[GIVEN DATA Boundary: Start]

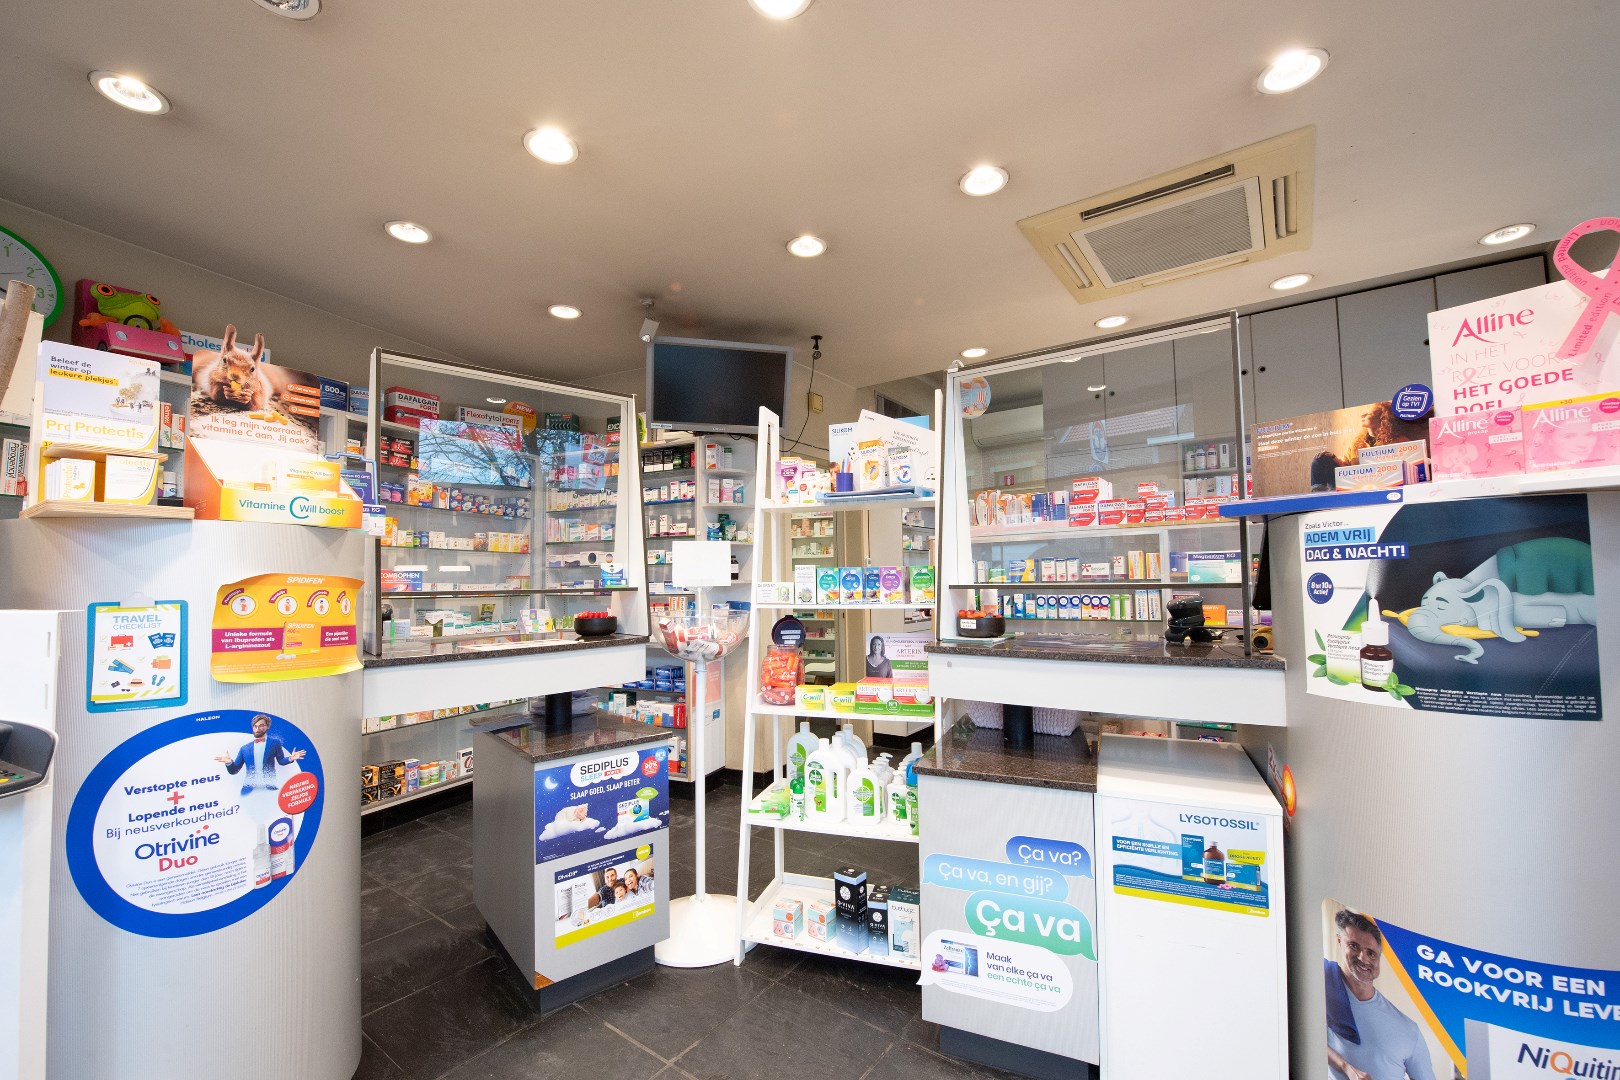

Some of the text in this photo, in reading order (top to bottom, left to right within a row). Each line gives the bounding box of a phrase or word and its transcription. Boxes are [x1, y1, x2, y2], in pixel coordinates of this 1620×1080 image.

[26, 267, 35, 278] 2
[37, 288, 44, 298] 3
[1451, 308, 1535, 347] Alline
[1568, 324, 1593, 357] Limited
[1451, 342, 1510, 367] IN HET
[324, 385, 340, 394] 500
[1454, 368, 1574, 400] HET GOEDE
[398, 394, 438, 407] DAFALGAN
[420, 404, 438, 412] FORTE
[516, 404, 533, 413] NEW
[211, 416, 302, 436] Ik leg mijn voorraad
[1532, 405, 1592, 429] Alline
[74, 421, 144, 439] Protectis
[202, 423, 243, 436] vitamine
[246, 429, 252, 438] C
[278, 434, 288, 444] Jij
[1436, 418, 1488, 440] Alline
[1362, 444, 1418, 458] FULTIUM 2000
[1338, 464, 1398, 476] FULTIUM 2000
[239, 496, 345, 520] Vitamine C Will boost
[1306, 528, 1371, 544] ADEM VRIJ
[1306, 545, 1406, 560] DAG & NACHT!
[286, 576, 323, 584] SPIDIFEN
[112, 614, 162, 624] TRAVEL
[112, 622, 162, 630] CHECKLIST
[234, 636, 264, 644] Ibuprofen
[580, 757, 629, 776] SEDIPLUS
[124, 774, 222, 796] Verstopte neus
[580, 772, 602, 782] SLEEP
[570, 790, 588, 800] SLAAP
[606, 782, 623, 792] SLAAP
[624, 778, 640, 788] BETER
[128, 799, 219, 824] Lopende neus
[106, 804, 240, 840] Bij neusverkoudheid?
[1179, 814, 1258, 831] LYSOTOSSIL
[134, 824, 220, 860] Otrivine
[158, 855, 198, 872] Duo
[1018, 844, 1082, 866] Ça va?
[938, 862, 1054, 896] Ça va, en gij?
[976, 900, 1081, 943] Ça va
[986, 951, 1012, 964] Maak
[986, 964, 1054, 982] van elke ça va
[1416, 944, 1606, 997] GA VOOR EEN
[987, 972, 1061, 994] een echte ça va
[1418, 964, 1553, 1012] ROOKVRIJ
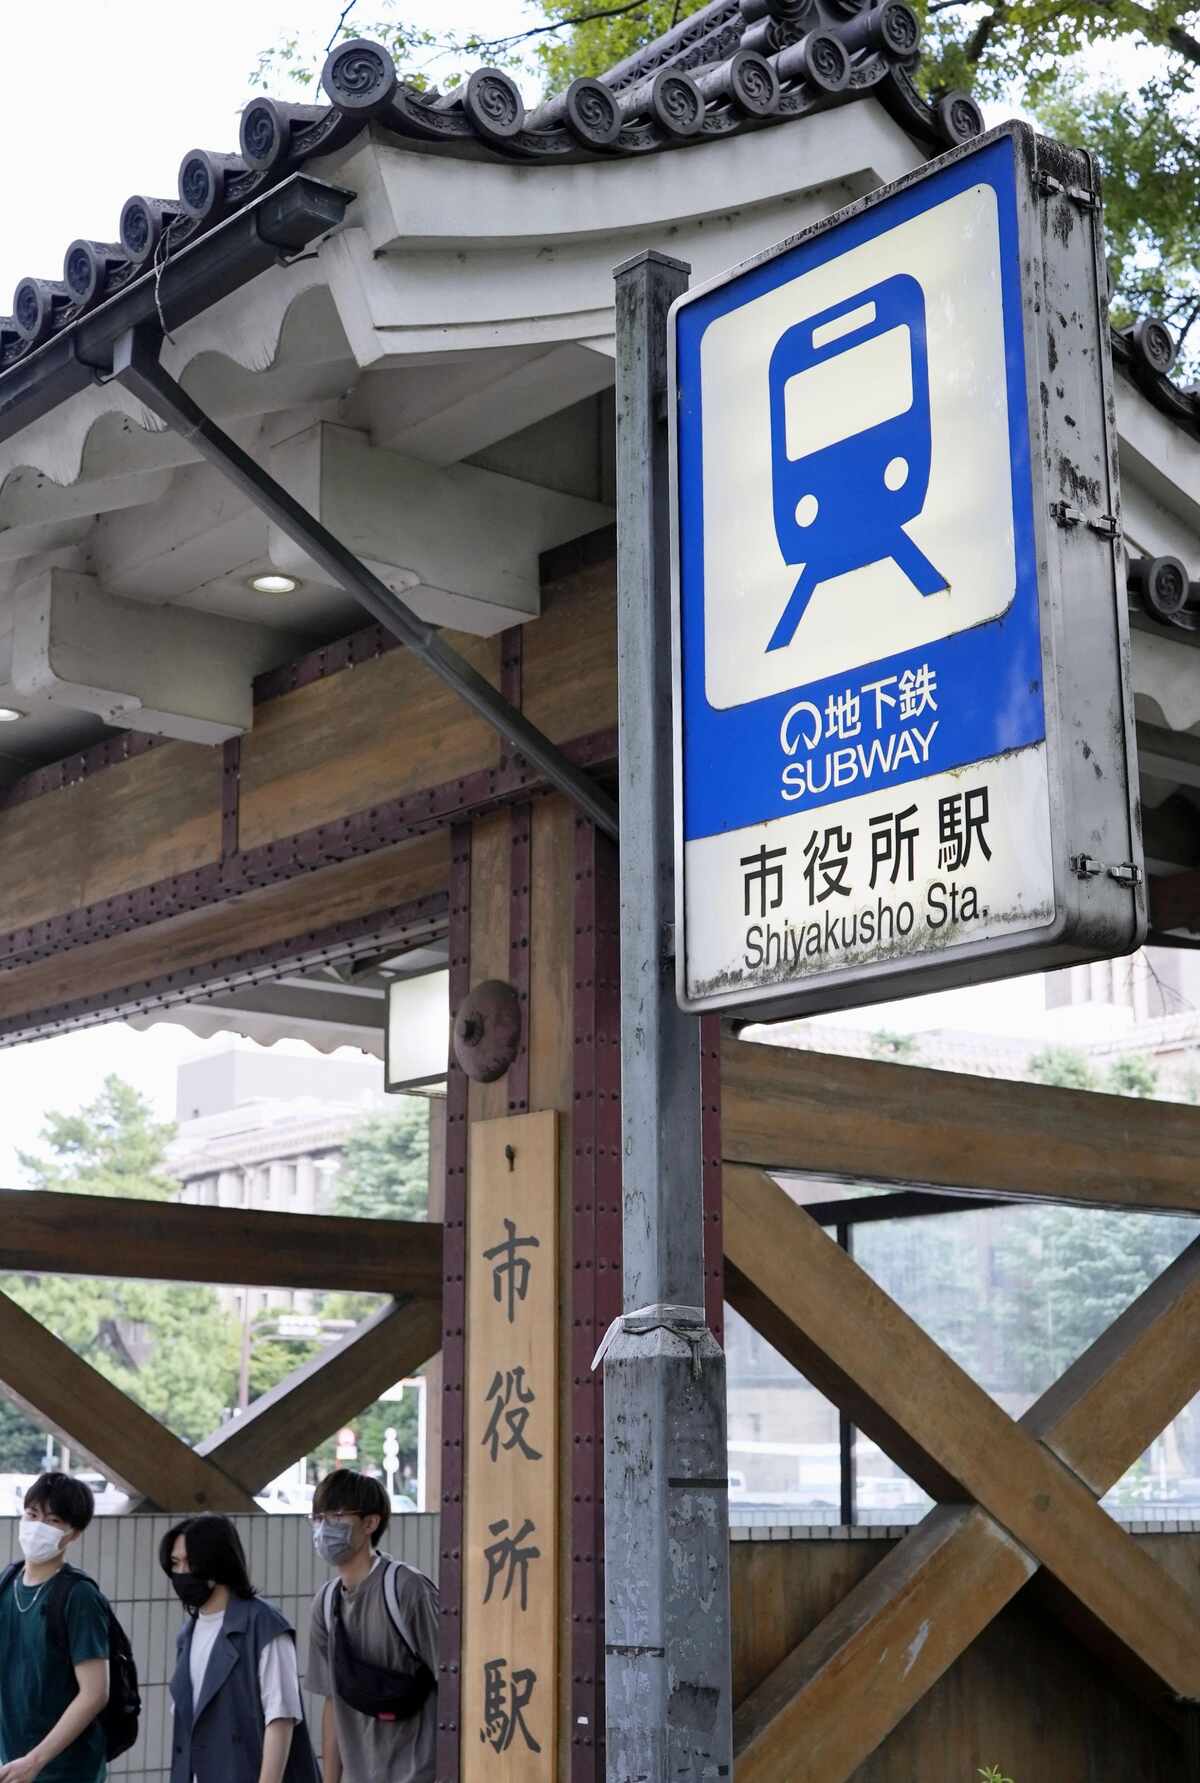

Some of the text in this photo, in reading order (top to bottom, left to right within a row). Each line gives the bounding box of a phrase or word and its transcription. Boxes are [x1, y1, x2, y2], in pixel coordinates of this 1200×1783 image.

[824, 663, 938, 740] 地下鉄
[780, 721, 939, 801] SUBWAY
[740, 786, 992, 918] 市役所駅
[744, 882, 989, 970] Shiyakusho Sta.
[480, 1218, 542, 1754] 市役所駅

[GIVEN DATA Boundary: End]

### WORK INSTRUCTION
Repeat exactly the lines above from the line that contains "this 1200×1783 image." through the end. Include both of these ends; leave out everything else.

### TASK RESULT
Some of the text in this photo, in reading order (top to bottom, left to right within a row). Each line gives the bounding box of a phrase or word and its transcription. Boxes are [x1, y1, x2, y2], in pixel coordinates of this 1200×1783 image.

[824, 663, 938, 740] 地下鉄
[780, 721, 939, 801] SUBWAY
[740, 786, 992, 918] 市役所駅
[744, 882, 989, 970] Shiyakusho Sta.
[480, 1218, 542, 1754] 市役所駅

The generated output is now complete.